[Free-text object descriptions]
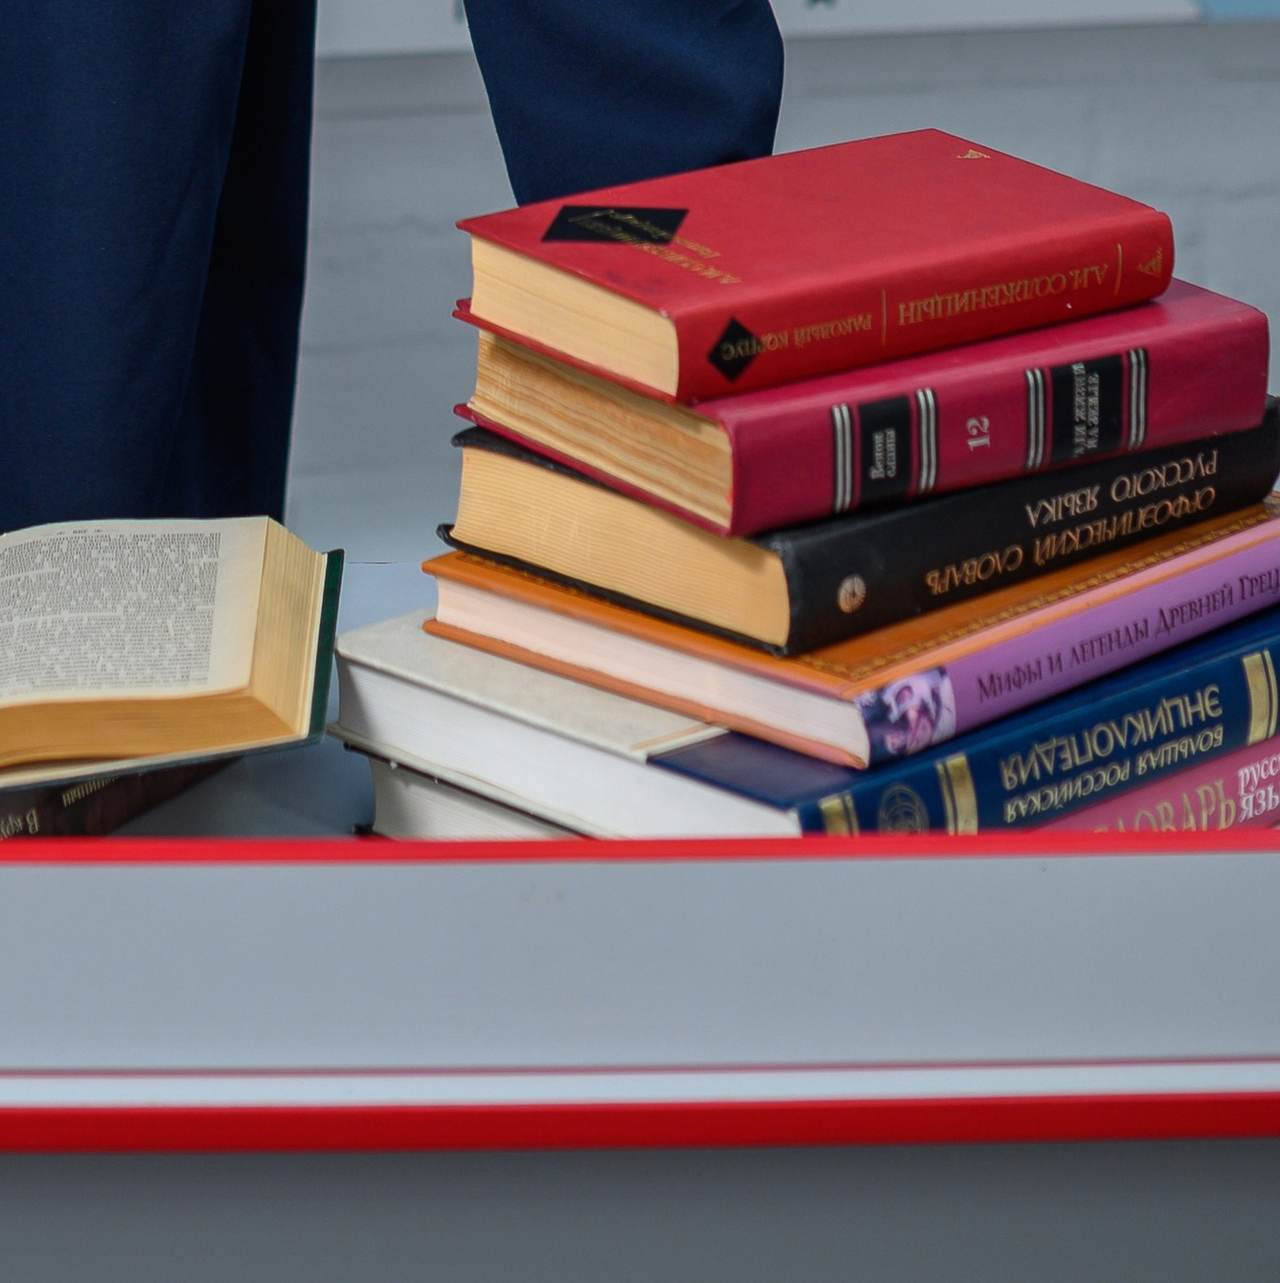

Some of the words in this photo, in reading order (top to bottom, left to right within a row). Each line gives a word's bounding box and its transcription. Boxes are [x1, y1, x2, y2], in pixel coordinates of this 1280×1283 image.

[898, 274, 1067, 327] СОЛЖЕНИЦЫН
[966, 415, 990, 452] 12
[1111, 450, 1219, 503] РУССКОГО
[1025, 485, 1100, 528] ЯЗЫКА
[1033, 487, 1216, 567] ОРФОЭПИЧЕСКИЙ
[924, 544, 1023, 596] СЛОВАРЬ
[999, 684, 1223, 791] ЭНЦИКЛОПЕДИЯ
[1137, 723, 1224, 776] БОЛЬШАЯ
[1004, 760, 1131, 823] РОССИЙСКАЯ
[1236, 753, 1280, 797] русс
[26, 807, 40, 834] В
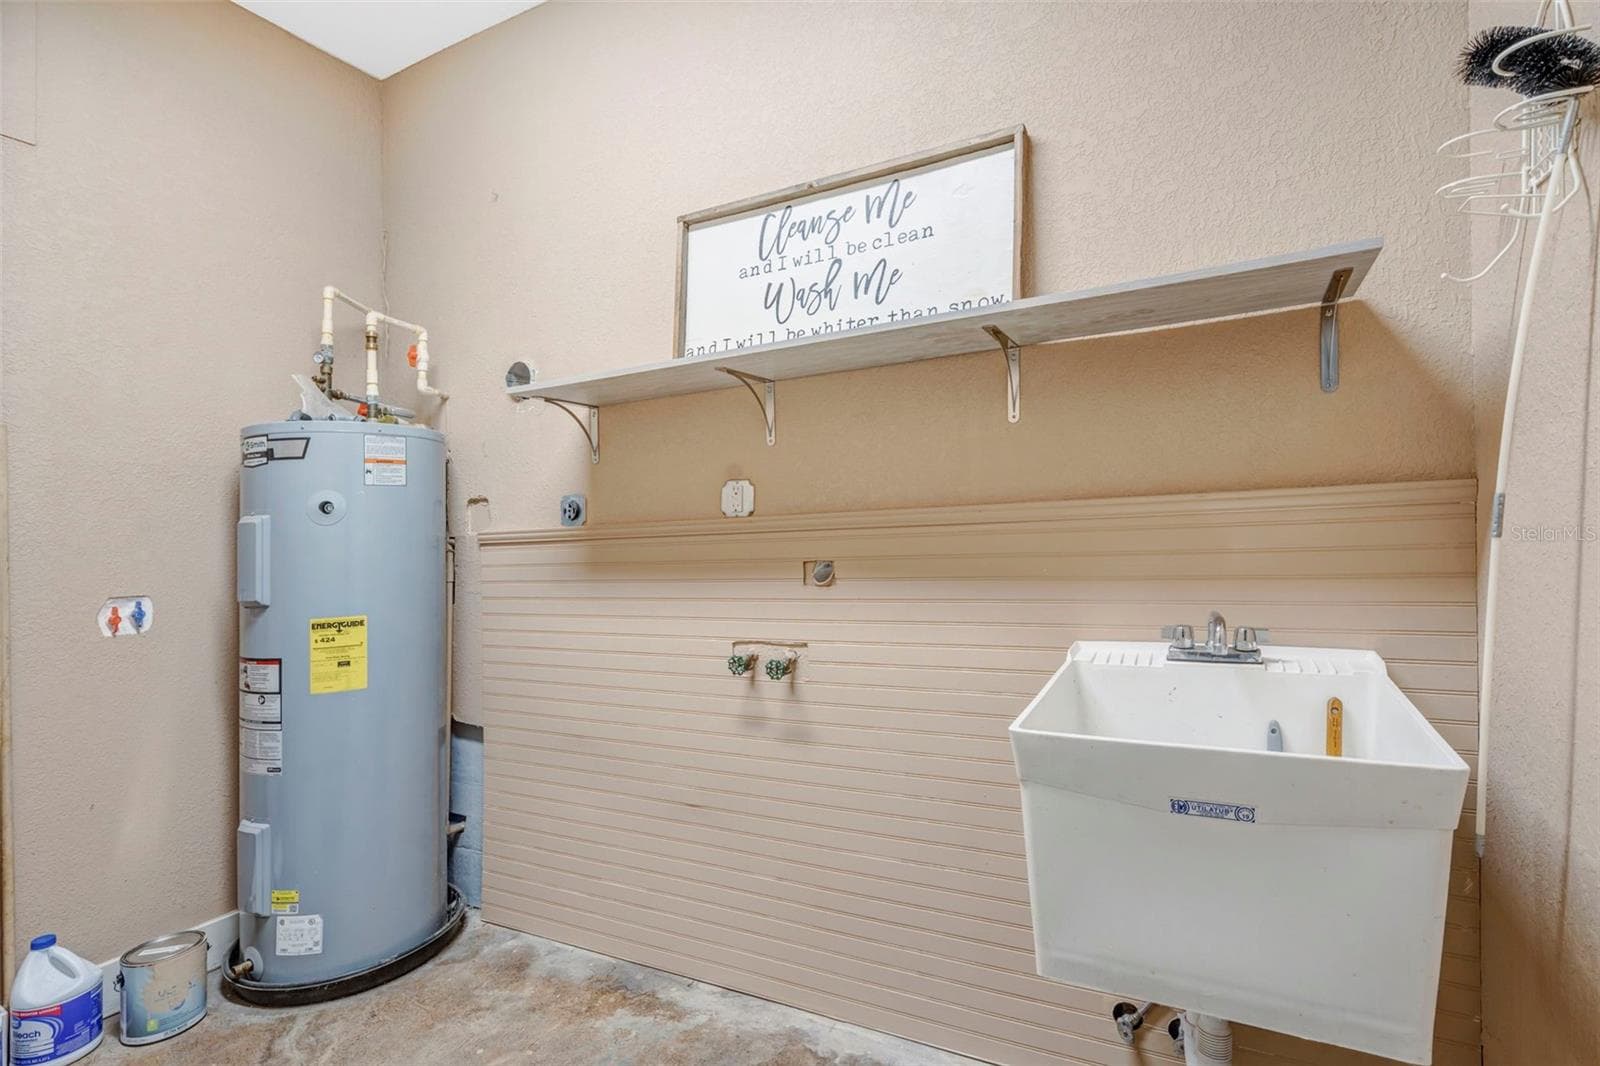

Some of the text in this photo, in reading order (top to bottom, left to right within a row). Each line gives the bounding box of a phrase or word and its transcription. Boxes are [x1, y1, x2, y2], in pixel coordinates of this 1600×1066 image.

[758, 178, 917, 261] Cleanse Me
[738, 225, 934, 279] and I will be clean
[764, 258, 903, 325] Wash Me
[810, 316, 879, 336] whiter
[887, 306, 938, 323] than

▸ **Work to be completed**: Each line from the one that contains "Some of the text" to the end of the data should be set down exactly, both ends included.

▸ **Answer section**:
Some of the text in this photo, in reading order (top to bottom, left to right within a row). Each line gives the bounding box of a phrase or word and its transcription. Boxes are [x1, y1, x2, y2], in pixel coordinates of this 1600×1066 image.

[758, 178, 917, 261] Cleanse Me
[738, 225, 934, 279] and I will be clean
[764, 258, 903, 325] Wash Me
[810, 316, 879, 336] whiter
[887, 306, 938, 323] than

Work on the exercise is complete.